When the signal to go finally came, Bush climbed out of the dugout wearing the jacket of the hometown Washington Nationals, looking relaxed but in a bit of a hurry. He gave a quick handshake to a team official and two players who were there to greet him, walked quickly to the mound and immediately made a confident throw to the plate. It was high and wild, but still a decent throw for a President. Then he left. A few quick waves to the crowd and gone.
Fifty-eight seconds. That's the entire amount of time he was visible to those who were booing and cheering. Was Bush afraid of being exposed to an uncontrolled public? This President usually appears before small crowds that are carefully screened. That can be managed at a political event, but not at a sporting event with 40,000 people who paid for tickets to watch a ballgame.
What was the point, George? Why do this thing? Were there weird promises made that must be kept? Why face a certainly hostile crowd when you're almost home free, when by some strange twist of Fate you'll stroll out of office in less than ten months without being indicted or impeached for violating your Oath of Office in ways that no other President even dreamed of? Why, indeed...
There's an ugly image of Dick Cheney's face as he described to an interviewer his perspective on how the "surge" of troops into Iraq has "been a major success" and how the "major progress" being made was worth the cost of all those U.S. troops who have died.

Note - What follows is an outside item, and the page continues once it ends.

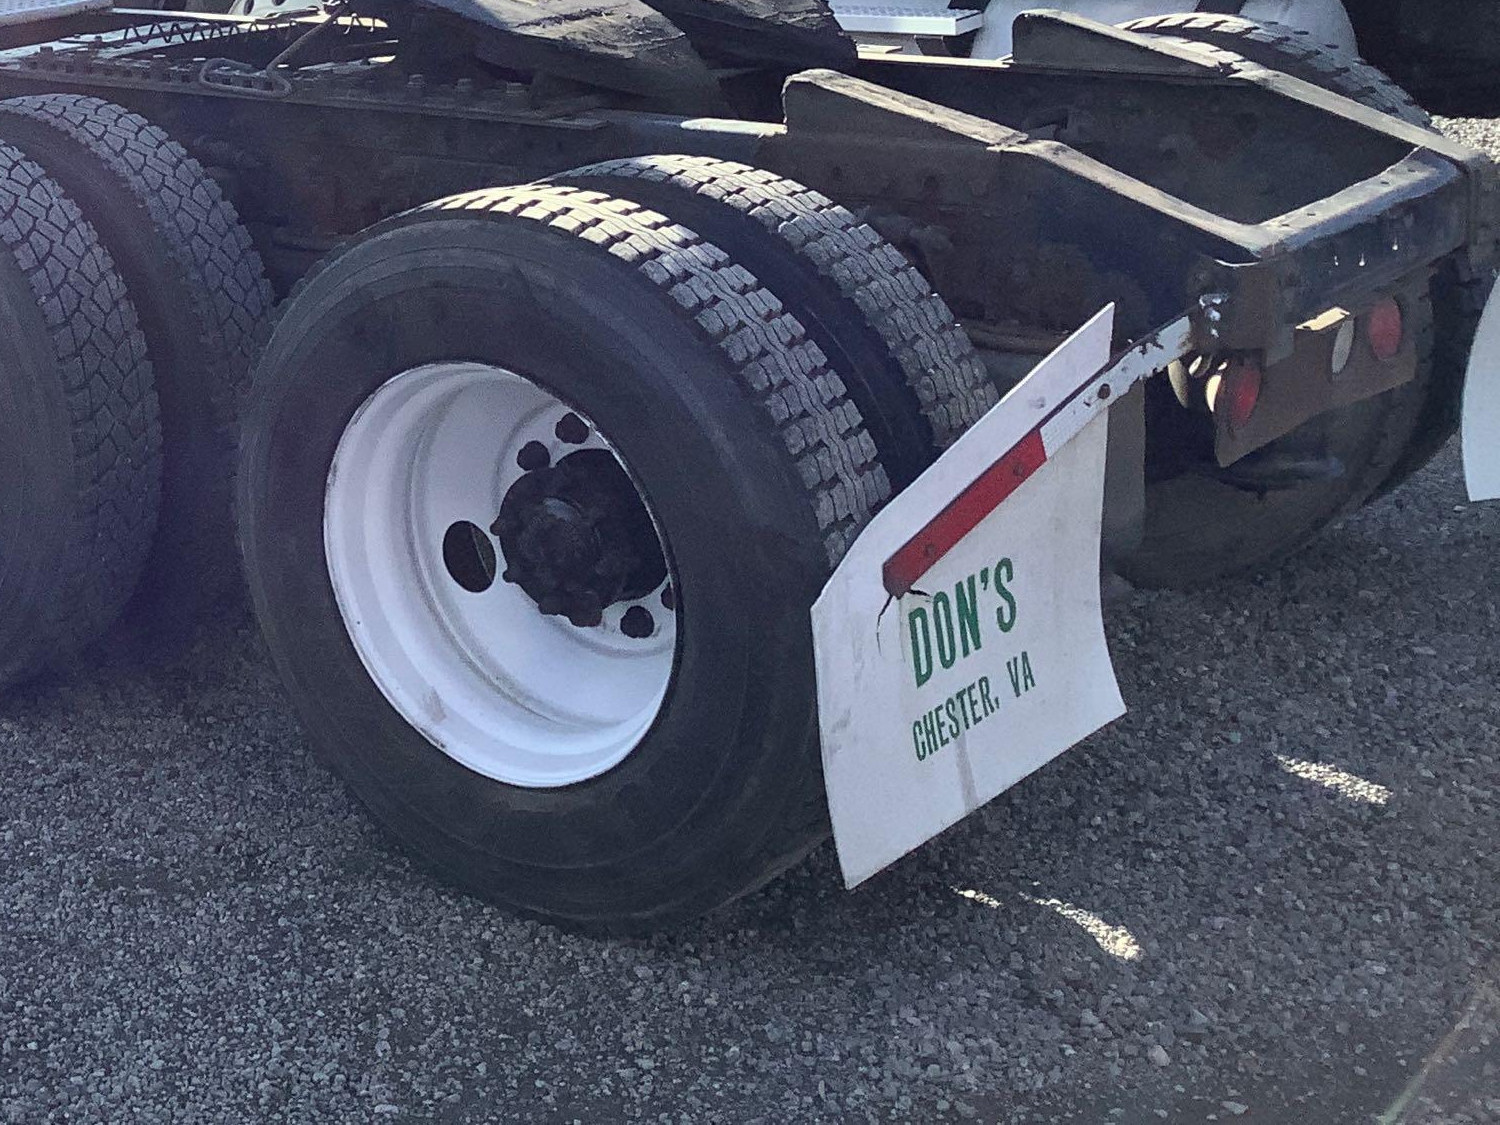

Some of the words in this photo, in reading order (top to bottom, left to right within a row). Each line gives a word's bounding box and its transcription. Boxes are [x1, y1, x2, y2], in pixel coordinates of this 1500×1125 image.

Raddatz: "Two-third of Americans say it’s not worth fighting."
Raddatz "So? You don’t care what the American people think?"

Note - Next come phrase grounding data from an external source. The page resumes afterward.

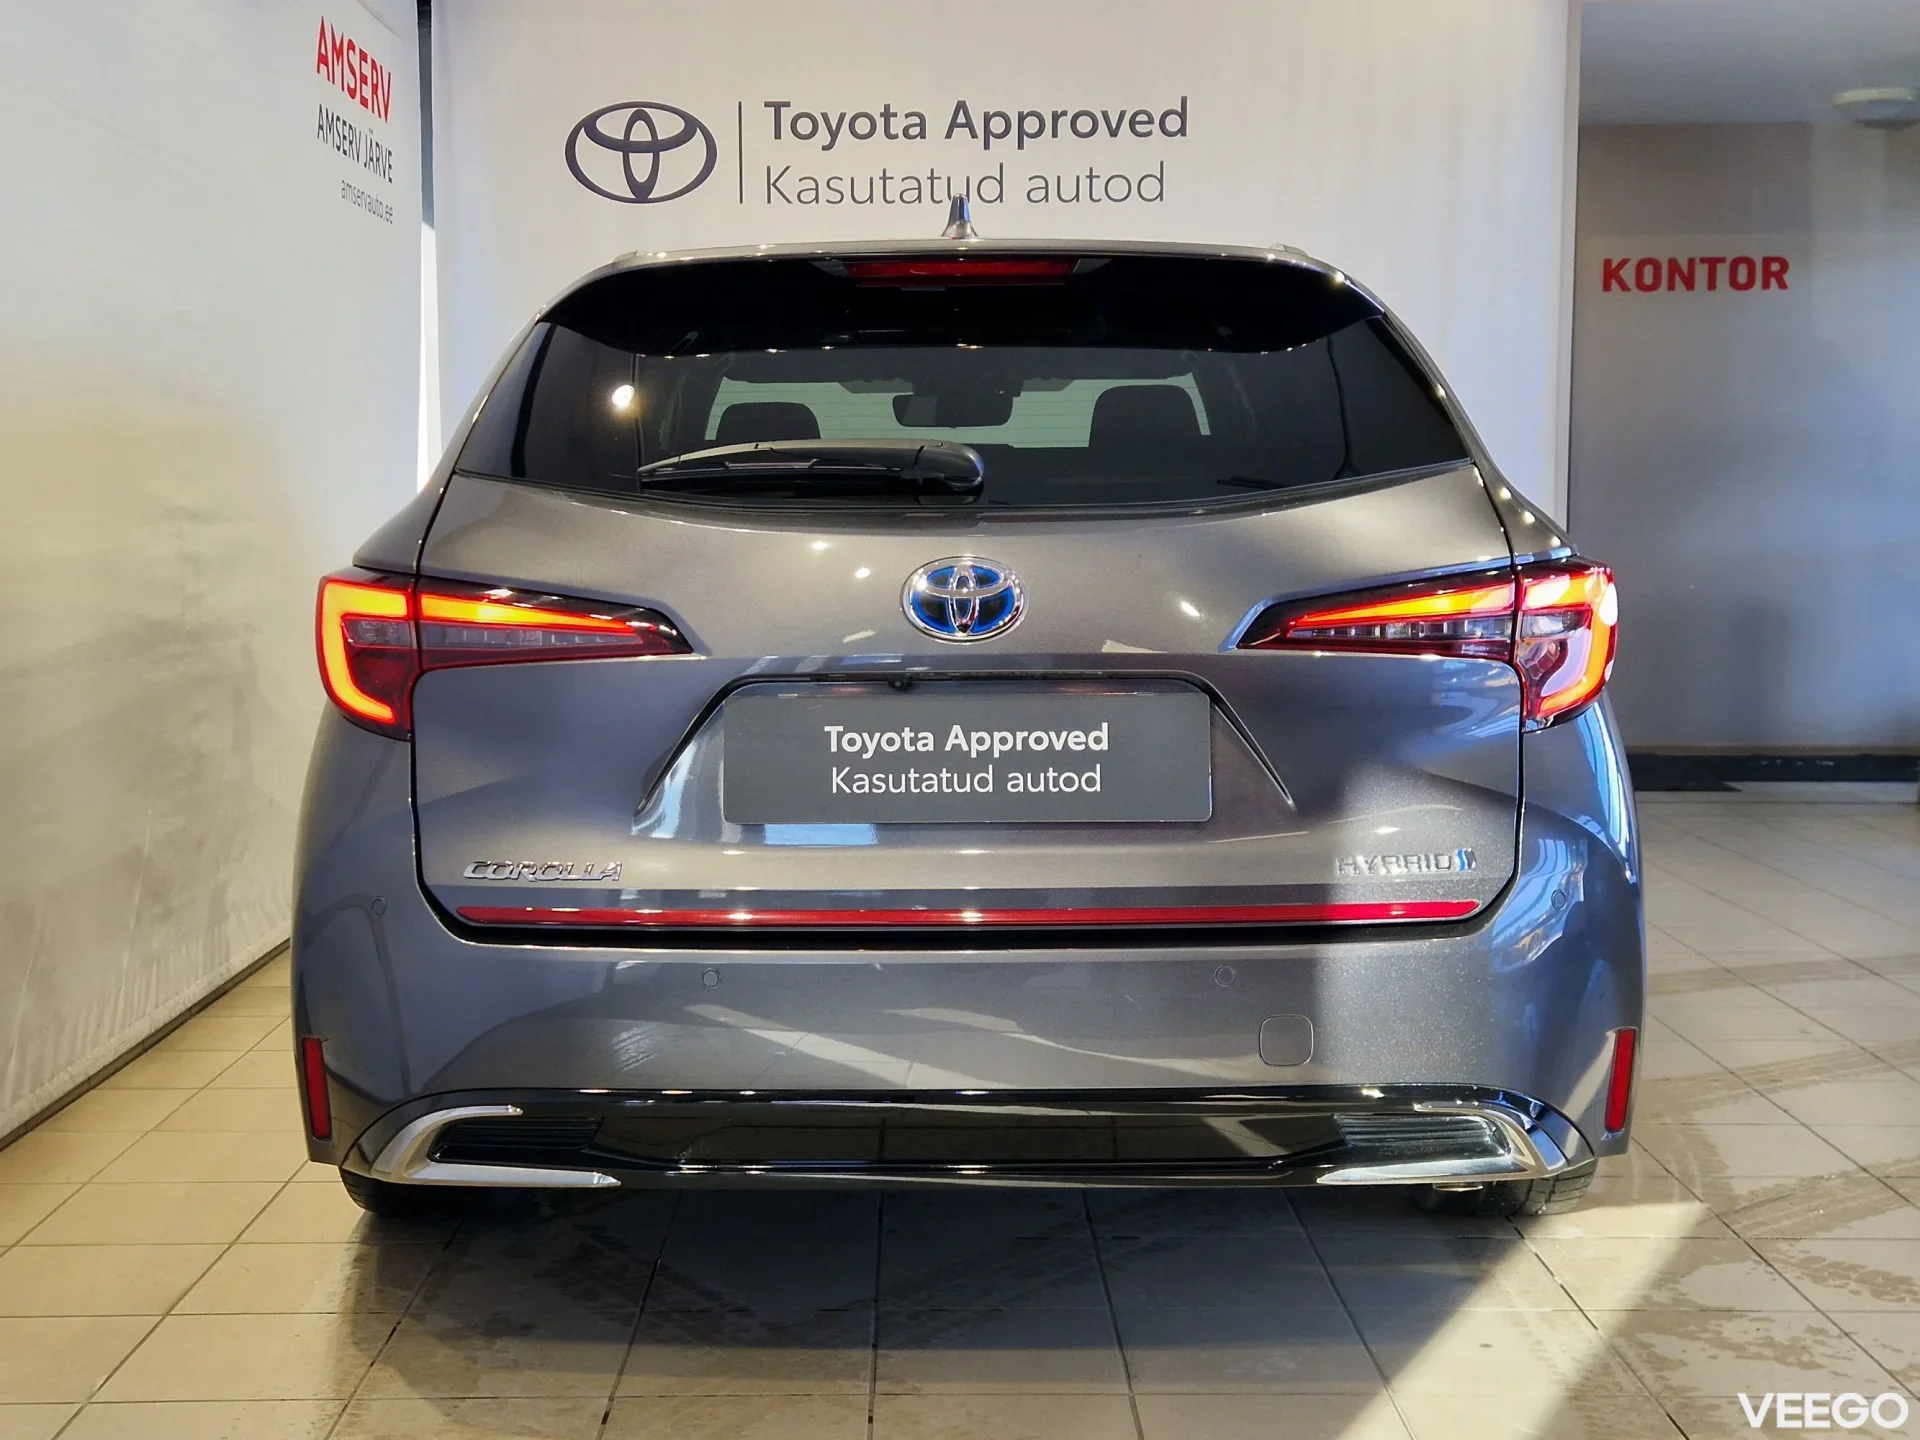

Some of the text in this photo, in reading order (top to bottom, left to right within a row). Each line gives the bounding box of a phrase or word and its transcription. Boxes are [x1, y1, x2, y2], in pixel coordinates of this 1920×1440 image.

[316, 15, 392, 124] AMSERV
[317, 103, 393, 184] AMSERV JÄRVE
[763, 95, 1189, 151] Toyota Approved
[340, 179, 393, 224] amservauto.ee
[765, 161, 1165, 205] Kasutatud autod
[1601, 255, 1790, 293] KONTOR
[824, 721, 1109, 759] Toyota Approved
[831, 763, 1102, 795] Kasutatud autod
[463, 860, 623, 882] COROLLA
[1335, 852, 1453, 876] HYBRID

Cheney: "No. I think you cannot be blown off course by the fluctuations in the public opinion polls."
He then went on with his usual dishonesty about having a vision and keeping to the plan and staying the course until our inevitable victory in the not-too distant future. But there was that oddly honest moment, and it came on the day that the number of American soldiers killed in Iraq reached 4,000.
It was madness, or it was mockery just another one of Cheney's little jokes on all of us. He's never cared about what the People want or what the Constitution requires; he has violated his Oath of Office in every government position he's ever held. His principle belief is the concept of a "Unitary Executive", an odd renaming of the "Sovereign Right of Kings" that people in this land rebelled against more than two hundred years ago when they founded this country...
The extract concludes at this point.